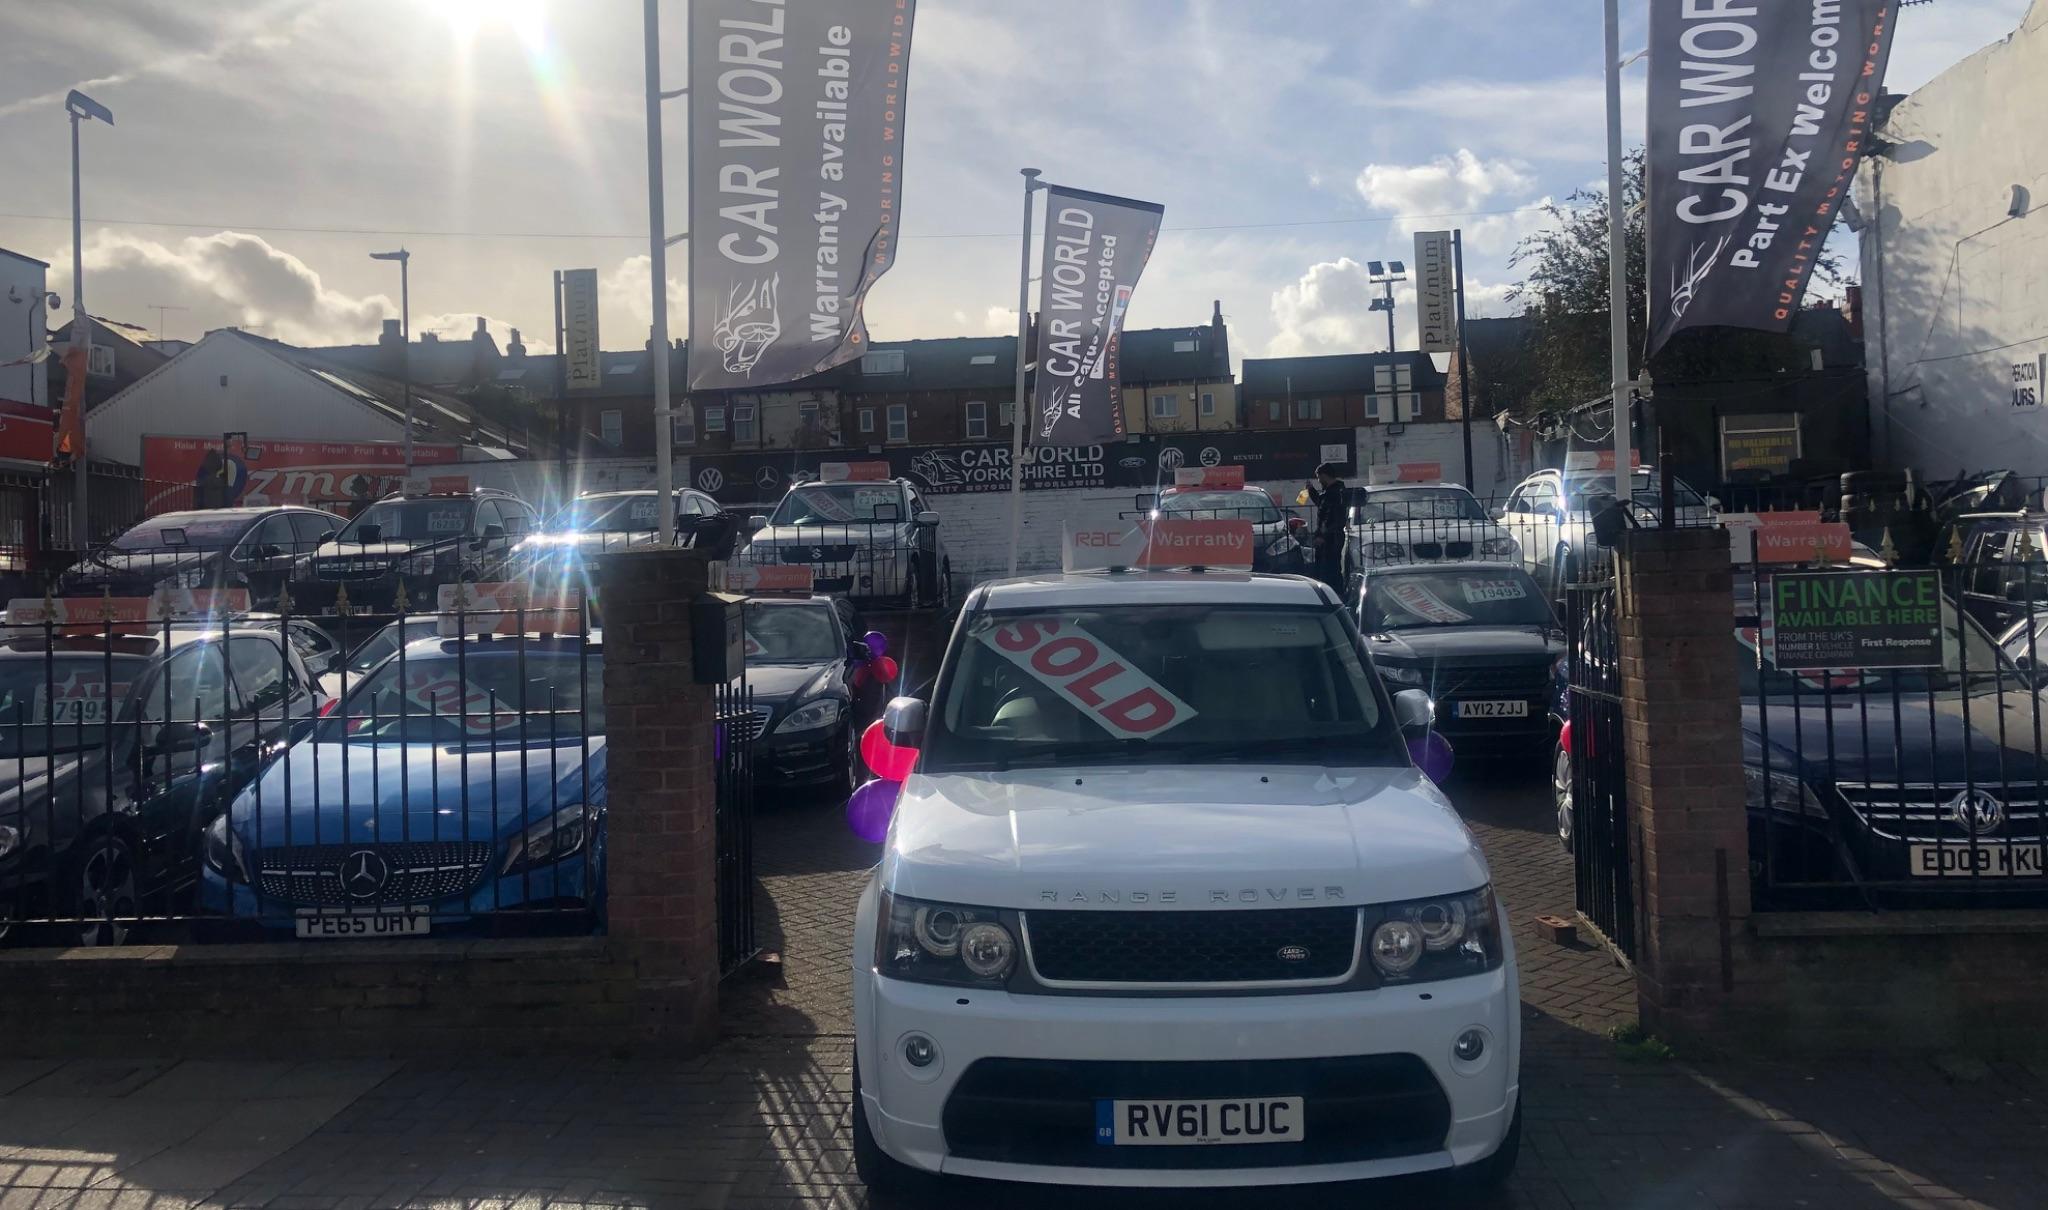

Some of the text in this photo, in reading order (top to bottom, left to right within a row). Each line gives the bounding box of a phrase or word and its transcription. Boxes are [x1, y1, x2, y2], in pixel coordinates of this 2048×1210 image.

[717, 0, 786, 264] CAR WORL
[1729, 0, 1841, 268] Part Ex Welcom
[1676, 114, 1752, 224] CAR
[808, 25, 852, 342] Warranty available
[875, 154, 893, 264] MOTORING
[1775, 225, 1818, 320] QUALITY
[1046, 207, 1094, 377] CAR WORLD
[1425, 240, 1443, 345] Platinum
[961, 449, 1011, 467] CAR
[1072, 463, 1105, 477] LTD
[1156, 532, 1246, 549] Warranty
[1778, 576, 1937, 610] FINANCE
[74, 607, 141, 621] Waanty
[1778, 608, 1938, 628] AVAILABLE HERE
[1778, 632, 1805, 642] FROM
[1808, 631, 1829, 641] THE
[1778, 643, 1814, 651] NUMBER
[1861, 636, 1933, 650] First Response
[994, 616, 1176, 733] SOLD
[1463, 702, 1524, 716] AY12 ZJJ
[1040, 886, 1345, 903] RANGE ROVER
[306, 914, 366, 934] PE65
[1128, 1102, 1290, 1138] RV61 CUC

# TASK ITEM
Repeat the records above exactly, omitting every picture.

# ANSWER SPACE
Some of the text in this photo, in reading order (top to bottom, left to right within a row). Each line gives the bounding box of a phrase or word and its transcription. Boxes are [x1, y1, x2, y2], in pixel coordinates of this 2048×1210 image.

[717, 0, 786, 264] CAR WORL
[1729, 0, 1841, 268] Part Ex Welcom
[1676, 114, 1752, 224] CAR
[808, 25, 852, 342] Warranty available
[875, 154, 893, 264] MOTORING
[1775, 225, 1818, 320] QUALITY
[1046, 207, 1094, 377] CAR WORLD
[1425, 240, 1443, 345] Platinum
[961, 449, 1011, 467] CAR
[1072, 463, 1105, 477] LTD
[1156, 532, 1246, 549] Warranty
[1778, 576, 1937, 610] FINANCE
[74, 607, 141, 621] Waanty
[1778, 608, 1938, 628] AVAILABLE HERE
[1778, 632, 1805, 642] FROM
[1808, 631, 1829, 641] THE
[1778, 643, 1814, 651] NUMBER
[1861, 636, 1933, 650] First Response
[994, 616, 1176, 733] SOLD
[1463, 702, 1524, 716] AY12 ZJJ
[1040, 886, 1345, 903] RANGE ROVER
[306, 914, 366, 934] PE65
[1128, 1102, 1290, 1138] RV61 CUC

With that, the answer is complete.